Tren Buruk Liverpool Terus Berlanjut Dipekan ke-25 Liga Inggris

Tren buruk Liverpool masih menghantui sang pelatih pada game week 25 liga inggris minggu dini hari waktu Indonesia barat. Liga Inggris musim lalu selayaknya memang menjadi milik klub asal Marseyside merah ini karena hampir tidak terkalahkan meski akhirnya bisa dipatahkan oleh salah satu tim papan bawah waktu itu yaitu Watford.

Namun hal tersebut tidak berlaku pada musim 2020/2021 untuk Barclays Premier League. Mereka meski diawal musim mengalami kemenangan beruntun bahkan tidak terkalahkan akhirnya harus menelan beberapa rentetan kekalahan sampai pada pecan 25. Awal mula tren negatif ini ketika mereka menang besar 7-0 atas Crystal Palace pertengahan Desember silam.

Setelah itu tren buruk Liverpool sebagai tim juara Liga musim 2019/2020 ini sulit untuk meraih kemenangan meski dikandang mereka sendiri yang terkenal sangat angker. Mulai dari ditahan imbang West Brom dan Newcastle, kemudian dikalahkan oleh Southampton dan terakhir dalam derby panas tim sekota dengan Everton mereka juga kesulitan mencetak gol serta harus mengakui kemenangan tim sekota tersebut.

Banyak sekali faktor yang mempengaruhi performa anak asuhan Jurgen Klopp ini. Diantaranya badai cidera setelah derbi Marseyside tahun 2020 dikandang Everton terutama yang menimpa pemain bertahan andalan mereka Virgil Van Dijk. Ketidak hadirannya dibeberapa laga memang sangat terasa untuk performa tim sehingga sang nahkoda harus memutar otak rotasi beberapa pemainnya.

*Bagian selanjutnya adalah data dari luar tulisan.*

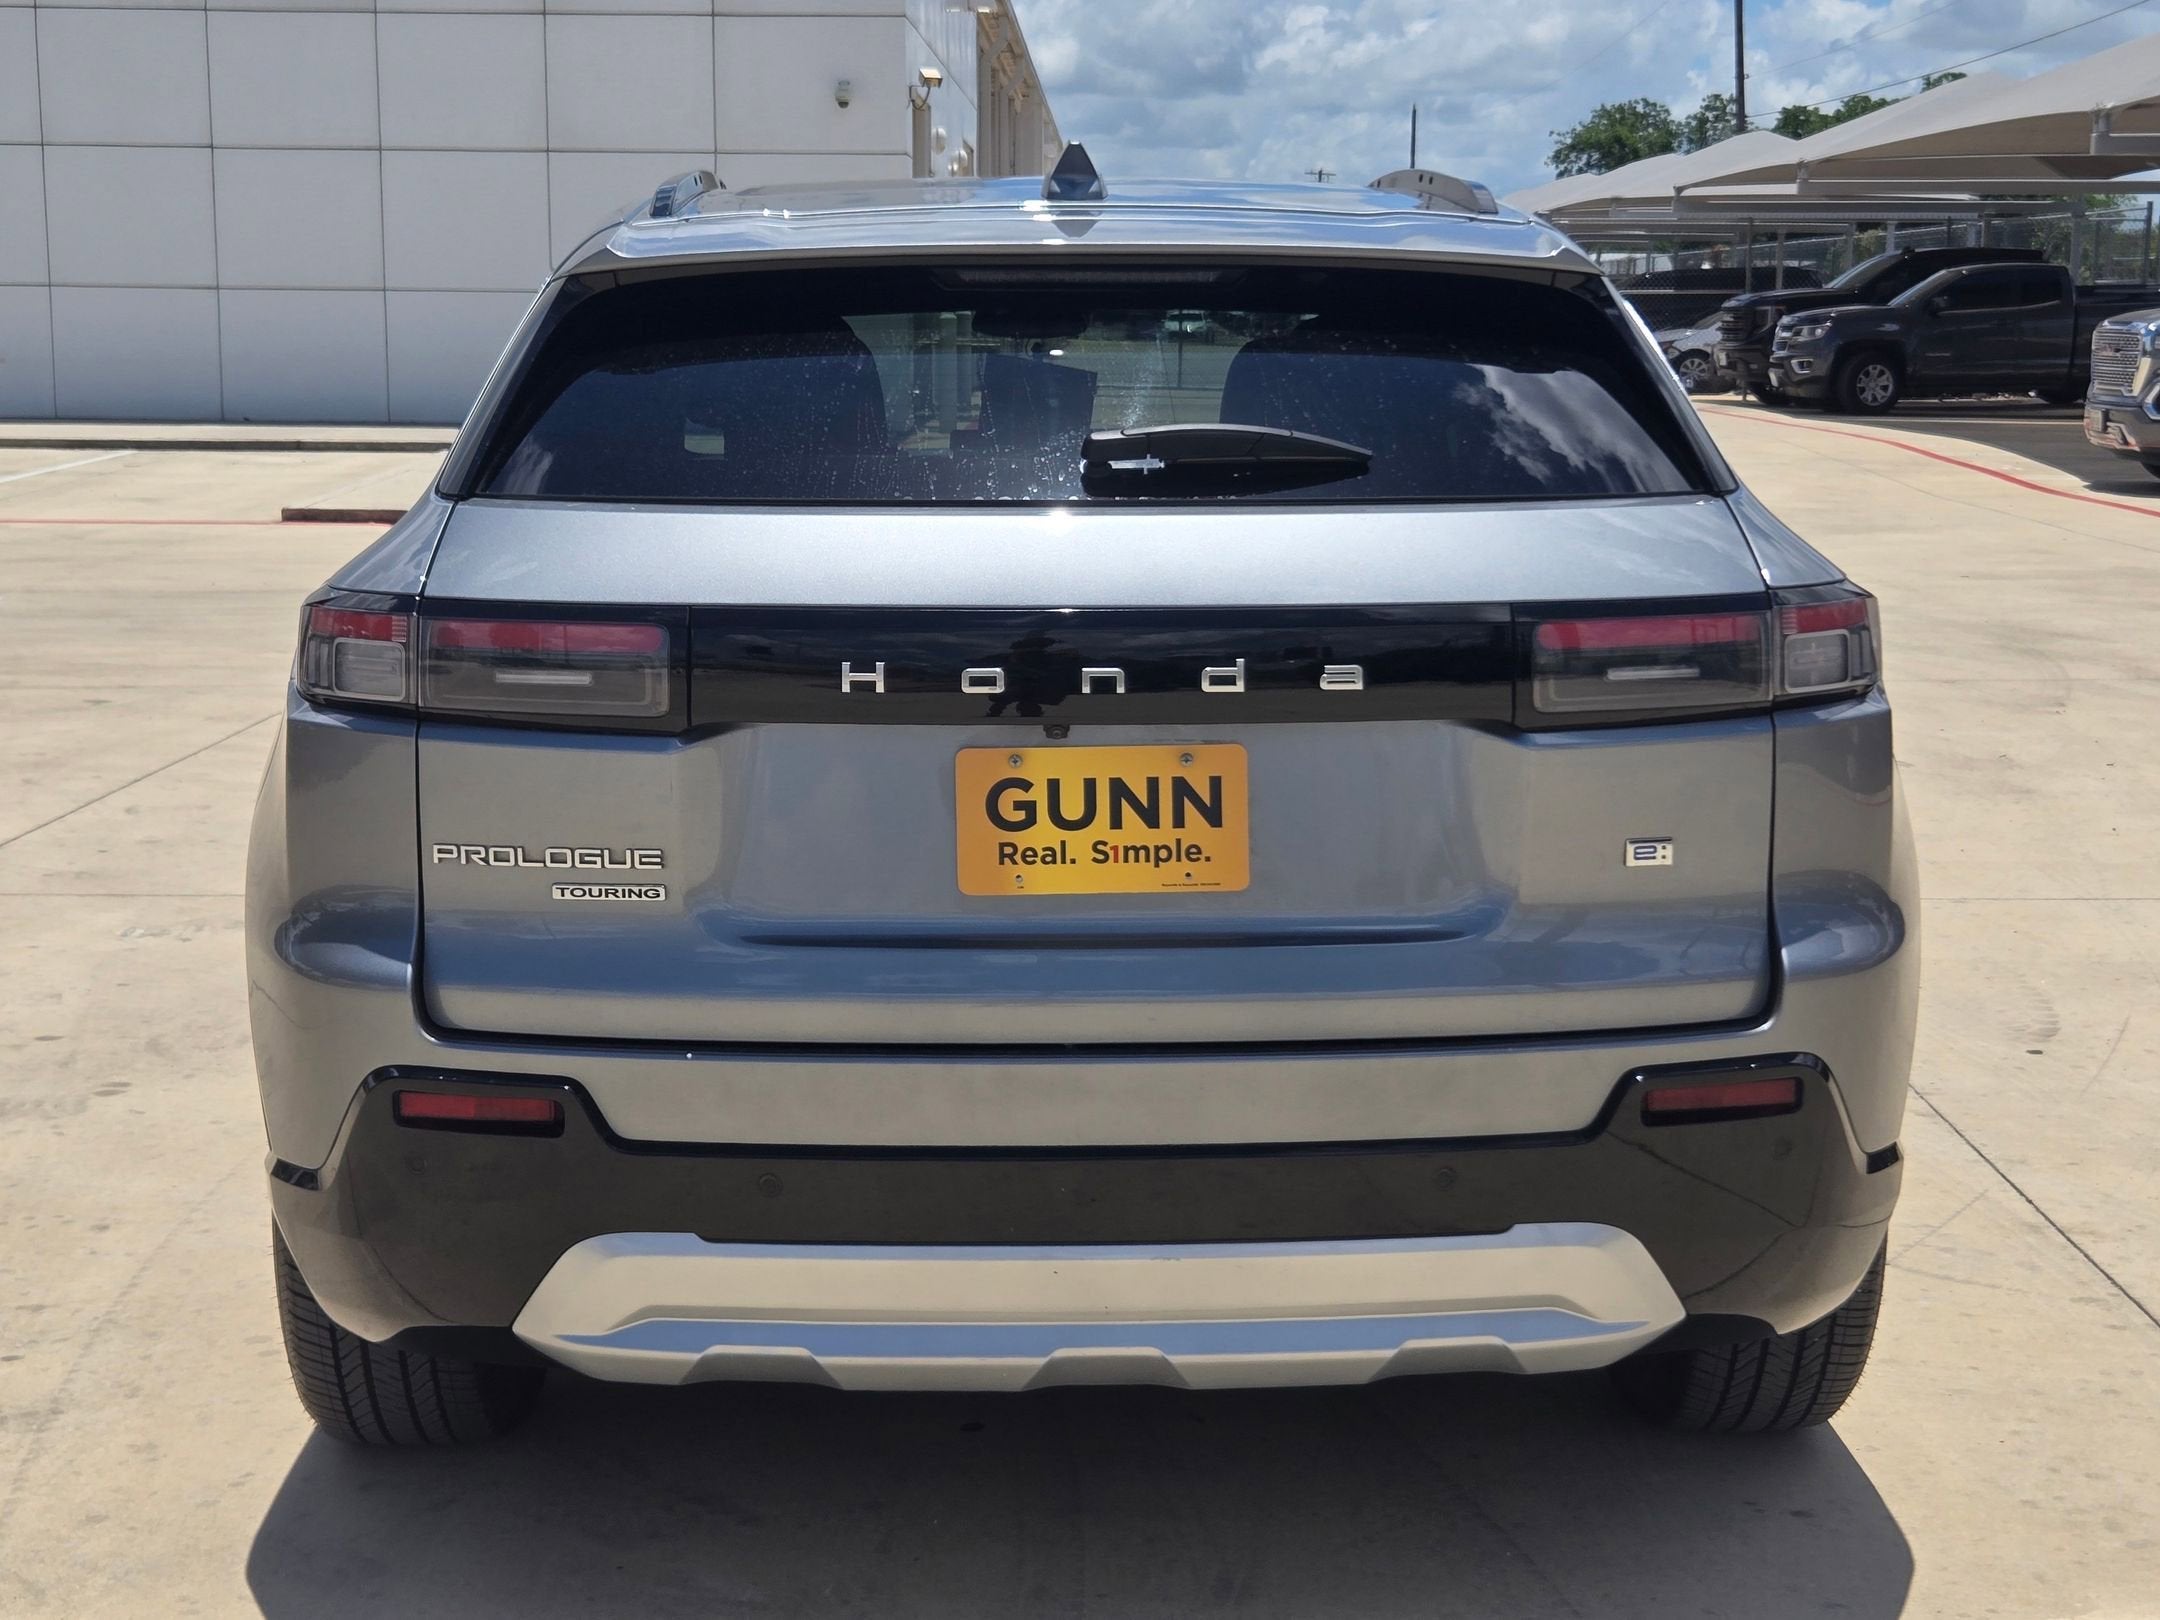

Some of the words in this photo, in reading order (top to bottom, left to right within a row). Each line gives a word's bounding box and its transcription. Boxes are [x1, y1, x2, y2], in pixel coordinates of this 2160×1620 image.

Kelemahan Lini Belakang Liverpool Masih Berlanjut

Pada laga kontra Everton Minggu dini hari waktu Indonesia tren buruk Liverpool ini masih berlanjut dan bahkan dari segi permainan mudah sekali ditebak. Meskipun secara Ball Possesion unggul jauh, namun efektivitas nampaknya masih milik sang Marseyside Biru. Beberapa kali serangan balik mereka dapat mengancam lini pertahanan yang digalang oleh Henderson dan kawan-kawan.

Baru berjalan tidak sampai tiga menit, akhirnya kelemahan barisan pertahanan mereka bisa dimanfaatkan oleh sang lawan. Melalui serangan balik umpan terobosan oleh salah satu pemain Everton berhasil dimanfaatkan dengan baik oleh striker andalan mereka asal Brazil yaitu Richalison. Ia berhasil lolos dari jebakan offside dan menceploskan bola kegawang Alison Becker.

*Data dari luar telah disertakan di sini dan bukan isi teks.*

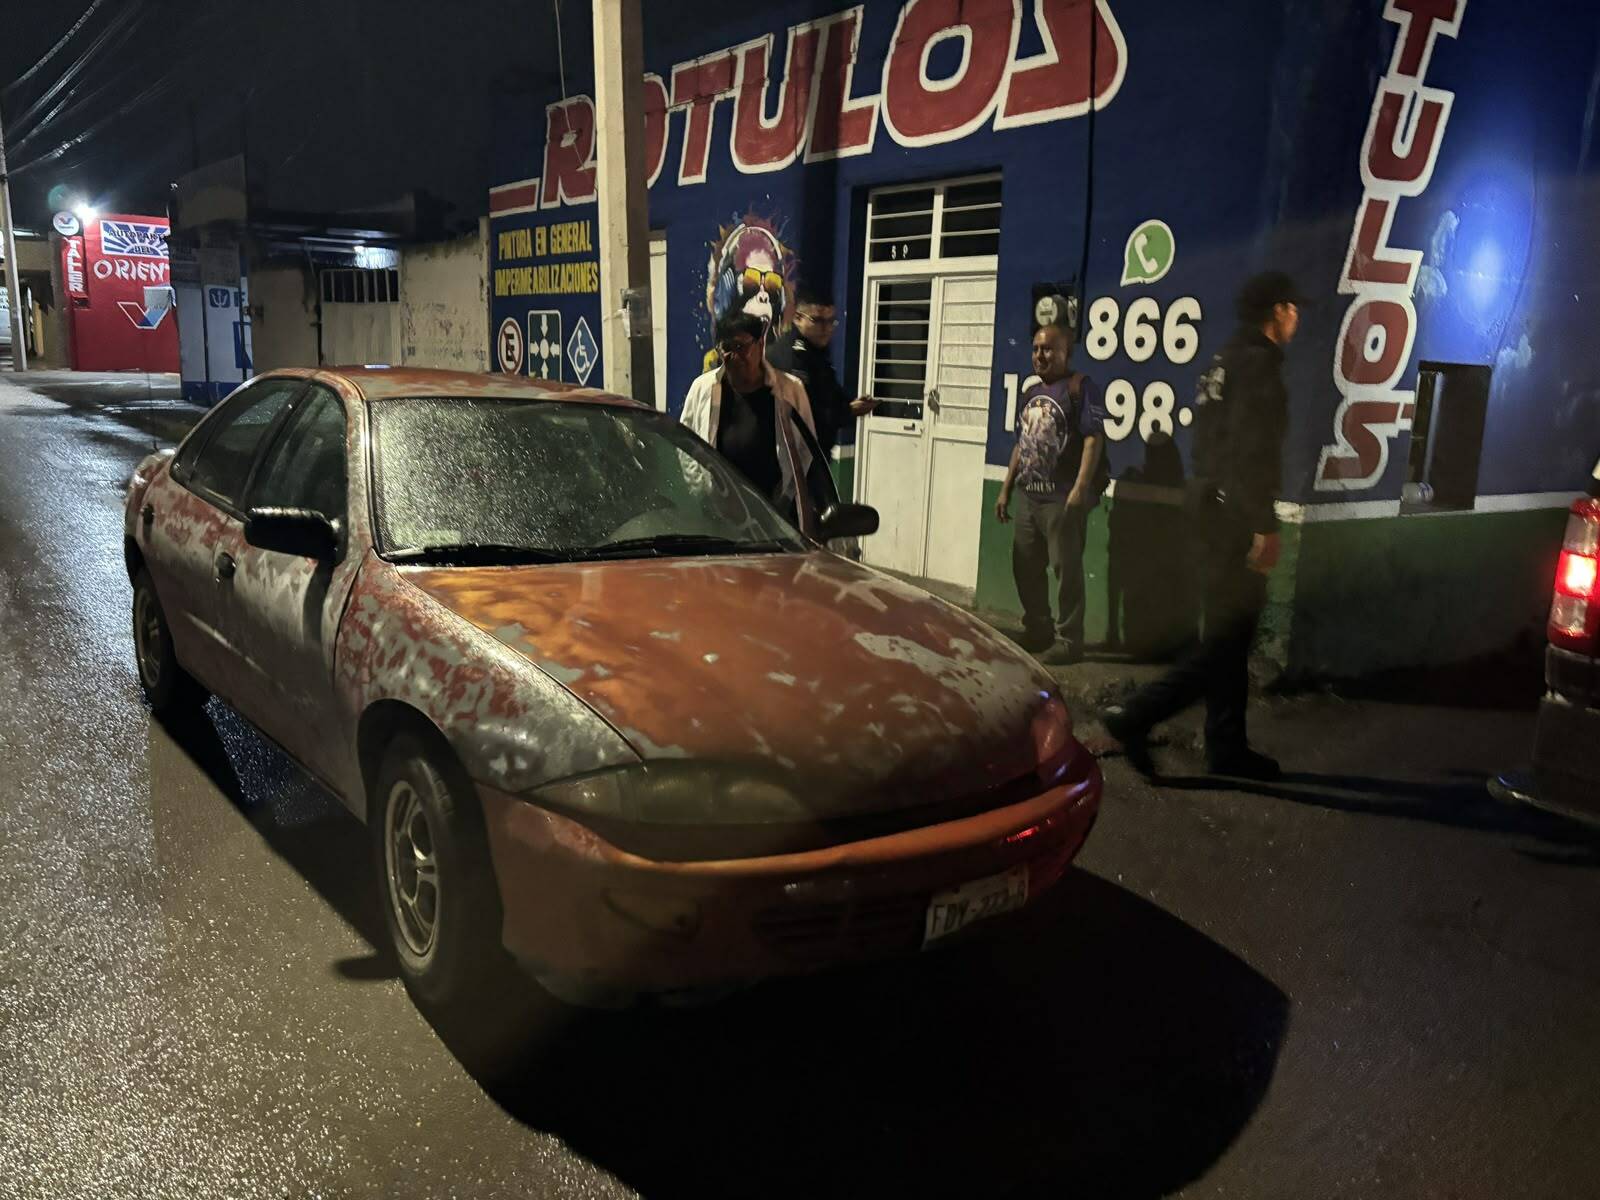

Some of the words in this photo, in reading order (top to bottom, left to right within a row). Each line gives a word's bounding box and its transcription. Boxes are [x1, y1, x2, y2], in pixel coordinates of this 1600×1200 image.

[67, 239, 84, 292] TALLER
[499, 228, 532, 260] PINTURA
[535, 226, 547, 256] EN
[550, 219, 592, 254] GENERAL
[494, 261, 599, 296] IMPERMEABILIZACIONES
[1085, 296, 1203, 365] 866
[1003, 372, 1042, 434] 1

Tren buruk Liverpool ini kelihatannya juga semakin panjang karena sang kapten Jordan Henderson kembali harus ditarik keluar lapangan karena mengalami cedera. Sehingga bisa dikatakan bahwa akan menambah rentetan pemain Liverpool yang mengalami masalah pada cedera. Babak pertama belum usai namun ia harus menepi terlebih dahulu.

Dari situ juga menjadi salah satu faktor gagalnya Liverpool meraih kemenangan pada derbi minggu dini hari. Lini depan serta tengah yang seolah-olah mengalami kebuntuan dalam penyerangan membuat pemain belakang terlena sehingga pada babak kedua mereka kecolongan kembali gol melalui serangan cepat Everton dan menghasilkan penalti.

Petaka Dimenit Akhir Babak Kedua

Saat serangan-serangan Everton sangat efektif mereka bisa memanfaatkan kelengahan lini belakang Liverpool sehingga tercipta peluang dimenit 80 yang berbuah penalty bagi si Biru. Pemain tengah mereka Sigurdsson berhasil memperdaya kipper Brazil yaitu Alison dalam pertarungan satu lawan satu melalui penalti sehingga tren buruk Liverpool terus berlanjut.

Sampai pada peluit panjang dibunyikan, Marseyside Merah gagal mengejar ketertinggalan yang mengharuskan mereka mengakui keunggulan sang lawan bebuyutan satu kota tersebut. Dengan hasil ini menambah rentetan kekalahan di Anfield menjadi 4 kali kekalahan berturut-turut dari Manchester City, Leicester, Brighton dan yang terakhir Everton membuat tren buruk Liverpool menjadi sorotan banyak publik.